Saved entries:
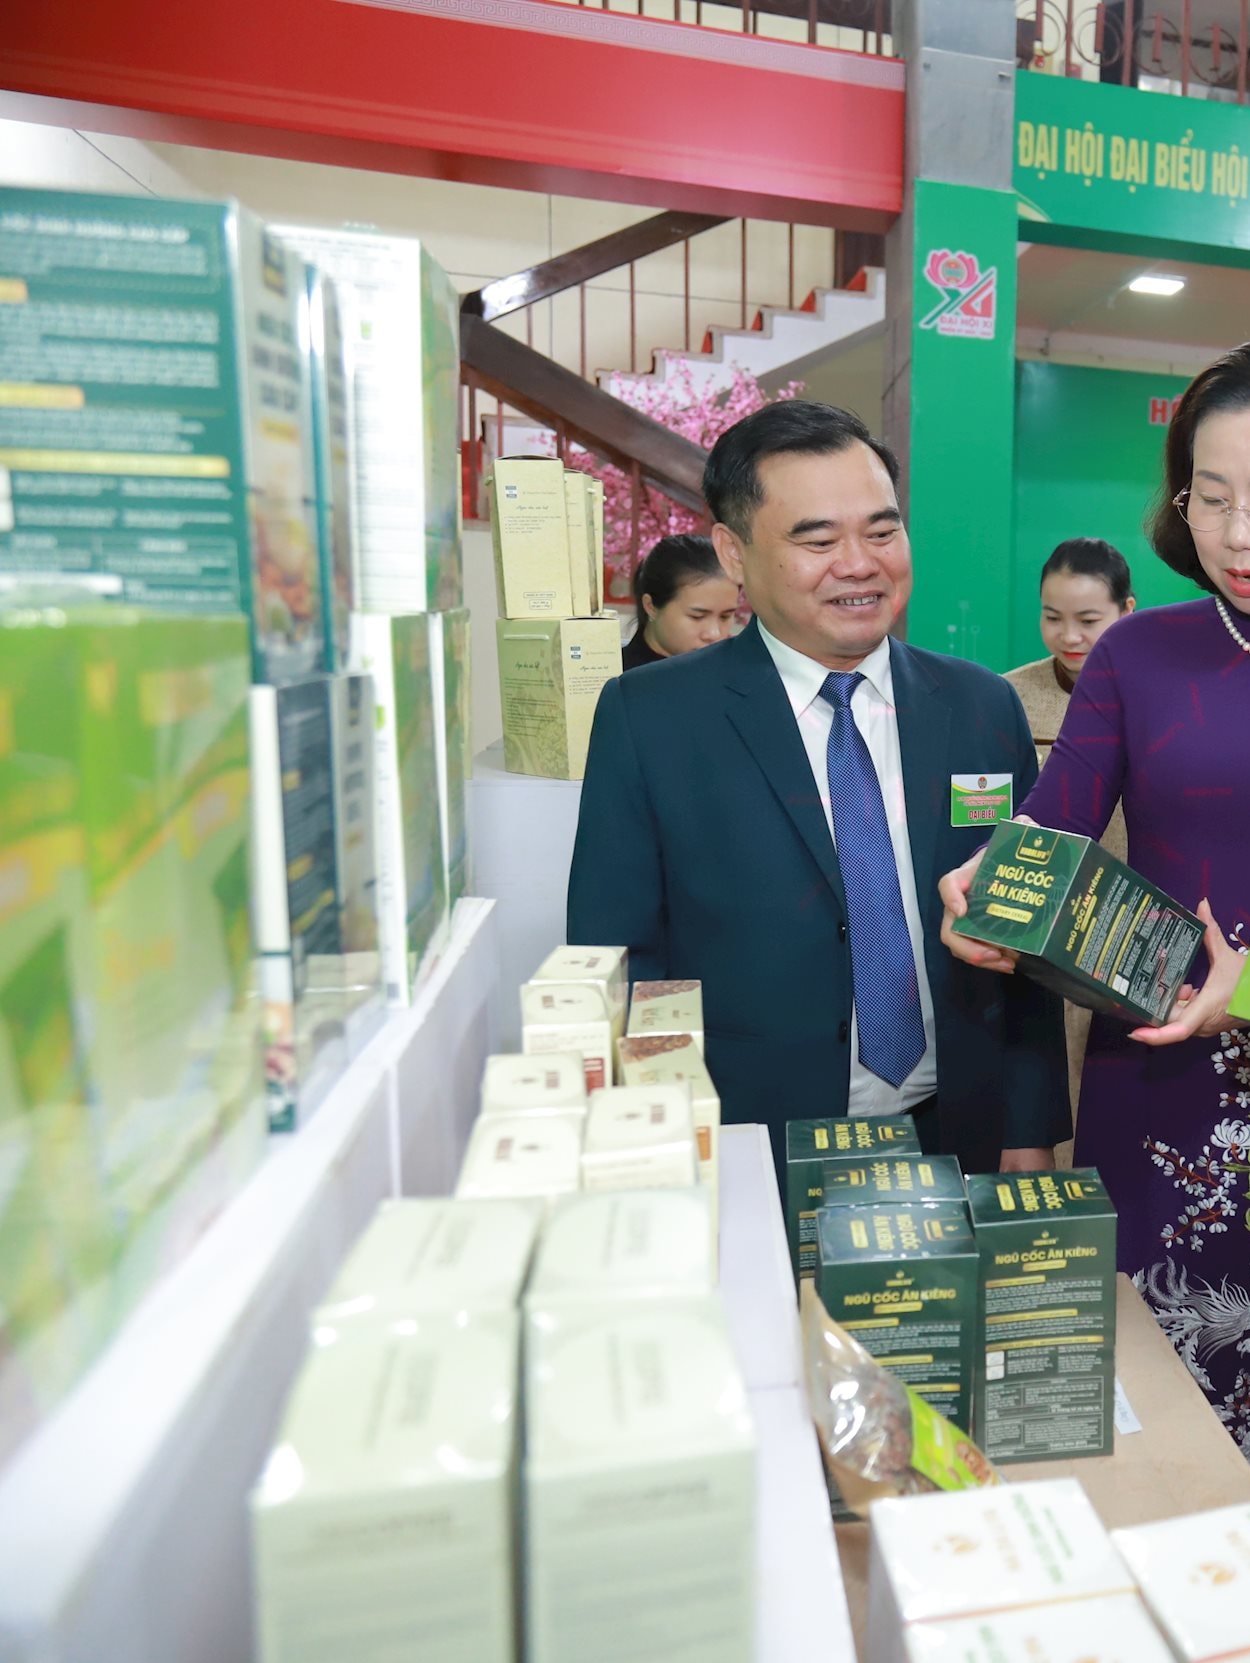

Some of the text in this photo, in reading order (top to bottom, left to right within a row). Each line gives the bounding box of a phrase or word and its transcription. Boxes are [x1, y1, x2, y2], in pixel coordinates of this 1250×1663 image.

[1019, 121, 1058, 180] ĐẠI
[1065, 121, 1104, 187] HỘI
[1110, 135, 1149, 193] ĐẠI
[1155, 128, 1206, 193] BIỂU
[1212, 144, 1248, 208] HỘI
[995, 864, 1054, 888] NGŨ CỐC
[1088, 867, 1104, 895] KIÊNG
[987, 880, 1046, 907] ĂN KIÊNG
[1043, 1191, 1065, 1210] CỐC
[995, 1246, 1098, 1265] NGŨ CỐC ĂN KIÊNG
[844, 1287, 956, 1305] NGŨ CỐC ĂN KIÊNG

**Requirement:** Word for word, repeat all the data, but not its images.

**Result of this task:**
Some of the text in this photo, in reading order (top to bottom, left to right within a row). Each line gives the bounding box of a phrase or word and its transcription. Boxes are [x1, y1, x2, y2], in pixel coordinates of this 1250×1663 image.

[1019, 121, 1058, 180] ĐẠI
[1065, 121, 1104, 187] HỘI
[1110, 135, 1149, 193] ĐẠI
[1155, 128, 1206, 193] BIỂU
[1212, 144, 1248, 208] HỘI
[995, 864, 1054, 888] NGŨ CỐC
[1088, 867, 1104, 895] KIÊNG
[987, 880, 1046, 907] ĂN KIÊNG
[1043, 1191, 1065, 1210] CỐC
[995, 1246, 1098, 1265] NGŨ CỐC ĂN KIÊNG
[844, 1287, 956, 1305] NGŨ CỐC ĂN KIÊNG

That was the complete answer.